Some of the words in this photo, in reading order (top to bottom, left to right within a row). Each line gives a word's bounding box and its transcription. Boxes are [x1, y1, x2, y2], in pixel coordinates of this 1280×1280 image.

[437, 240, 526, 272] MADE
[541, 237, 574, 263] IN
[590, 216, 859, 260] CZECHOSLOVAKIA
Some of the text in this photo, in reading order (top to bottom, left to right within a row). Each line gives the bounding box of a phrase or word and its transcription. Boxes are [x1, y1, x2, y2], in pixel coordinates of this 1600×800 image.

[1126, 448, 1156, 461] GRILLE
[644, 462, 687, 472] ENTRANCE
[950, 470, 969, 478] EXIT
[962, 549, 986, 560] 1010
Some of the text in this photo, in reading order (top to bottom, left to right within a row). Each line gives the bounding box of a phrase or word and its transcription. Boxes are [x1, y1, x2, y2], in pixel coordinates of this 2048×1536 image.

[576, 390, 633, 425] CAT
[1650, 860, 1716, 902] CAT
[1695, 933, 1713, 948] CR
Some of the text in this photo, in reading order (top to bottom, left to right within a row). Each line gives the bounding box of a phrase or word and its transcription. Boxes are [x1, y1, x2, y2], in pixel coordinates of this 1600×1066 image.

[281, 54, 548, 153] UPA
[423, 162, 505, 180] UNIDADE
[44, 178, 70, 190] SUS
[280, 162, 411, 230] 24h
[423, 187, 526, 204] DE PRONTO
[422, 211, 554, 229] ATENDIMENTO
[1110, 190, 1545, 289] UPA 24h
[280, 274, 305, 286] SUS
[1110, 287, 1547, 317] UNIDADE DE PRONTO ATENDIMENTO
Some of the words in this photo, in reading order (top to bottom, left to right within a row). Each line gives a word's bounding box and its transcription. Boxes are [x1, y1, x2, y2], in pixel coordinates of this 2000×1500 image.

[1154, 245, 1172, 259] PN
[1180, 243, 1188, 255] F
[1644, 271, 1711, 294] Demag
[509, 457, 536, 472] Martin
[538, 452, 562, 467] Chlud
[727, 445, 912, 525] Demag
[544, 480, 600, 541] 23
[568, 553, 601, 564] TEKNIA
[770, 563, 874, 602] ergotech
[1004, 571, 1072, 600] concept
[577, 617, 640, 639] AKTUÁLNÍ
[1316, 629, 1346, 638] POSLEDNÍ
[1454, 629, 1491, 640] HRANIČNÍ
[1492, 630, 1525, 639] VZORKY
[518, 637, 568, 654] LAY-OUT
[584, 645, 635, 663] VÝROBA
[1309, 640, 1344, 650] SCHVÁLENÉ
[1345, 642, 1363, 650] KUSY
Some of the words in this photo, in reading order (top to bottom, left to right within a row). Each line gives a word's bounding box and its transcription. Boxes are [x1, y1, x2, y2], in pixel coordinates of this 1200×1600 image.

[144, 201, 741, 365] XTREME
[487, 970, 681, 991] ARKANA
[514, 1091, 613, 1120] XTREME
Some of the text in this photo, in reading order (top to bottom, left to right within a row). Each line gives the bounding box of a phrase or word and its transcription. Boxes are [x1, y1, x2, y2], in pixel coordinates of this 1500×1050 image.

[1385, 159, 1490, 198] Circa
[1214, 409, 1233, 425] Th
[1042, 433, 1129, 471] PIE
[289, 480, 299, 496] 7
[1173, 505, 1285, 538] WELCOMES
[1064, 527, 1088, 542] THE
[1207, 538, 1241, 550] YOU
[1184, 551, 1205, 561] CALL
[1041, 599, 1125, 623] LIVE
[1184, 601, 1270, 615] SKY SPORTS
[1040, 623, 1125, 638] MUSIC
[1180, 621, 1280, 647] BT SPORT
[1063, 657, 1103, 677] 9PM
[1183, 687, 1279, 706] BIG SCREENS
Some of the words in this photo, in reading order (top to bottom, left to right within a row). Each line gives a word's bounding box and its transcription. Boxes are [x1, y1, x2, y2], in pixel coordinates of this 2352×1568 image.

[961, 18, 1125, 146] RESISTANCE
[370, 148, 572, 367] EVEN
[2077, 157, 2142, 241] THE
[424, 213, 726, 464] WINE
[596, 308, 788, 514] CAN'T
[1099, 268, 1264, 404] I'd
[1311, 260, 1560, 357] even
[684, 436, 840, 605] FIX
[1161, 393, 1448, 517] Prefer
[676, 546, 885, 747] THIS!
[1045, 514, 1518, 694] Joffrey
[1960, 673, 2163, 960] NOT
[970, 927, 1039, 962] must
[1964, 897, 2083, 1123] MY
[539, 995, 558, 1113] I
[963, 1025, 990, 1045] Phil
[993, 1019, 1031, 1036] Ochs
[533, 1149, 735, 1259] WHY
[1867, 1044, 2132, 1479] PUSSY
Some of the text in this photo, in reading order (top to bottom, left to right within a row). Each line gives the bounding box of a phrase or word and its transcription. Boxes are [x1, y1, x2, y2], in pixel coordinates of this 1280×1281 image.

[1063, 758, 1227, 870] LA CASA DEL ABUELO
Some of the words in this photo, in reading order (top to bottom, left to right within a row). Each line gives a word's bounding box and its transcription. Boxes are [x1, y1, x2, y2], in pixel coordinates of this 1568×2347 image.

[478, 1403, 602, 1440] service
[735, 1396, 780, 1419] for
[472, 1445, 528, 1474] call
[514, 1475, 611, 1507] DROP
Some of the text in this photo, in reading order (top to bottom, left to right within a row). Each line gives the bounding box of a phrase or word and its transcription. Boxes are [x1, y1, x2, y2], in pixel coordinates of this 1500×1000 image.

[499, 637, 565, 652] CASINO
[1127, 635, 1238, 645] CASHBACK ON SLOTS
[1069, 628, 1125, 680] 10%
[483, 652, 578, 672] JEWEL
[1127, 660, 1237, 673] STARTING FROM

┄┄┄┄┄┄┄┄┄┄┄┄┄┄┄┄┄┄┄┄

* [Assigned task]: Could you write the whole listing out again, line for line?

* [Task response]:
Some of the words in this photo, in reading order (top to bottom, left to right within a row). Each line gives a word's bounding box and its transcription. Boxes are [x1, y1, x2, y2], in pixel coordinates of this 1280×1280 image.

[437, 240, 526, 272] MADE
[541, 237, 574, 263] IN
[590, 216, 859, 260] CZECHOSLOVAKIA
Some of the text in this photo, in reading order (top to bottom, left to right within a row). Each line gives the bounding box of a phrase or word and its transcription. Boxes are [x1, y1, x2, y2], in pixel coordinates of this 1600×800 image.

[1126, 448, 1156, 461] GRILLE
[644, 462, 687, 472] ENTRANCE
[950, 470, 969, 478] EXIT
[962, 549, 986, 560] 1010
Some of the text in this photo, in reading order (top to bottom, left to right within a row). Each line gives the bounding box of a phrase or word and its transcription. Boxes are [x1, y1, x2, y2], in pixel coordinates of this 2048×1536 image.

[576, 390, 633, 425] CAT
[1650, 860, 1716, 902] CAT
[1695, 933, 1713, 948] CR
Some of the text in this photo, in reading order (top to bottom, left to right within a row). Each line gives the bounding box of a phrase or word and its transcription. Boxes are [x1, y1, x2, y2], in pixel coordinates of this 1600×1066 image.

[281, 54, 548, 153] UPA
[423, 162, 505, 180] UNIDADE
[44, 178, 70, 190] SUS
[280, 162, 411, 230] 24h
[423, 187, 526, 204] DE PRONTO
[422, 211, 554, 229] ATENDIMENTO
[1110, 190, 1545, 289] UPA 24h
[280, 274, 305, 286] SUS
[1110, 287, 1547, 317] UNIDADE DE PRONTO ATENDIMENTO
Some of the words in this photo, in reading order (top to bottom, left to right within a row). Each line gives a word's bounding box and its transcription. Boxes are [x1, y1, x2, y2], in pixel coordinates of this 2000×1500 image.

[1154, 245, 1172, 259] PN
[1180, 243, 1188, 255] F
[1644, 271, 1711, 294] Demag
[509, 457, 536, 472] Martin
[538, 452, 562, 467] Chlud
[727, 445, 912, 525] Demag
[544, 480, 600, 541] 23
[568, 553, 601, 564] TEKNIA
[770, 563, 874, 602] ergotech
[1004, 571, 1072, 600] concept
[577, 617, 640, 639] AKTUÁLNÍ
[1316, 629, 1346, 638] POSLEDNÍ
[1454, 629, 1491, 640] HRANIČNÍ
[1492, 630, 1525, 639] VZORKY
[518, 637, 568, 654] LAY-OUT
[584, 645, 635, 663] VÝROBA
[1309, 640, 1344, 650] SCHVÁLENÉ
[1345, 642, 1363, 650] KUSY
Some of the words in this photo, in reading order (top to bottom, left to right within a row). Each line gives a word's bounding box and its transcription. Boxes are [x1, y1, x2, y2], in pixel coordinates of this 1200×1600 image.

[144, 201, 741, 365] XTREME
[487, 970, 681, 991] ARKANA
[514, 1091, 613, 1120] XTREME
Some of the text in this photo, in reading order (top to bottom, left to right within a row). Each line gives the bounding box of a phrase or word and its transcription. Boxes are [x1, y1, x2, y2], in pixel coordinates of this 1500×1050 image.

[1385, 159, 1490, 198] Circa
[1214, 409, 1233, 425] Th
[1042, 433, 1129, 471] PIE
[289, 480, 299, 496] 7
[1173, 505, 1285, 538] WELCOMES
[1064, 527, 1088, 542] THE
[1207, 538, 1241, 550] YOU
[1184, 551, 1205, 561] CALL
[1041, 599, 1125, 623] LIVE
[1184, 601, 1270, 615] SKY SPORTS
[1040, 623, 1125, 638] MUSIC
[1180, 621, 1280, 647] BT SPORT
[1063, 657, 1103, 677] 9PM
[1183, 687, 1279, 706] BIG SCREENS
Some of the words in this photo, in reading order (top to bottom, left to right within a row). Each line gives a word's bounding box and its transcription. Boxes are [x1, y1, x2, y2], in pixel coordinates of this 2352×1568 image.

[961, 18, 1125, 146] RESISTANCE
[370, 148, 572, 367] EVEN
[2077, 157, 2142, 241] THE
[424, 213, 726, 464] WINE
[596, 308, 788, 514] CAN'T
[1099, 268, 1264, 404] I'd
[1311, 260, 1560, 357] even
[684, 436, 840, 605] FIX
[1161, 393, 1448, 517] Prefer
[676, 546, 885, 747] THIS!
[1045, 514, 1518, 694] Joffrey
[1960, 673, 2163, 960] NOT
[970, 927, 1039, 962] must
[1964, 897, 2083, 1123] MY
[539, 995, 558, 1113] I
[963, 1025, 990, 1045] Phil
[993, 1019, 1031, 1036] Ochs
[533, 1149, 735, 1259] WHY
[1867, 1044, 2132, 1479] PUSSY
Some of the text in this photo, in reading order (top to bottom, left to right within a row). Each line gives the bounding box of a phrase or word and its transcription. Boxes are [x1, y1, x2, y2], in pixel coordinates of this 1280×1281 image.

[1063, 758, 1227, 870] LA CASA DEL ABUELO
Some of the words in this photo, in reading order (top to bottom, left to right within a row). Each line gives a word's bounding box and its transcription. Boxes are [x1, y1, x2, y2], in pixel coordinates of this 1568×2347 image.

[478, 1403, 602, 1440] service
[735, 1396, 780, 1419] for
[472, 1445, 528, 1474] call
[514, 1475, 611, 1507] DROP
Some of the text in this photo, in reading order (top to bottom, left to right within a row). Each line gives the bounding box of a phrase or word and its transcription. Boxes are [x1, y1, x2, y2], in pixel coordinates of this 1500×1000 image.

[499, 637, 565, 652] CASINO
[1127, 635, 1238, 645] CASHBACK ON SLOTS
[1069, 628, 1125, 680] 10%
[483, 652, 578, 672] JEWEL
[1127, 660, 1237, 673] STARTING FROM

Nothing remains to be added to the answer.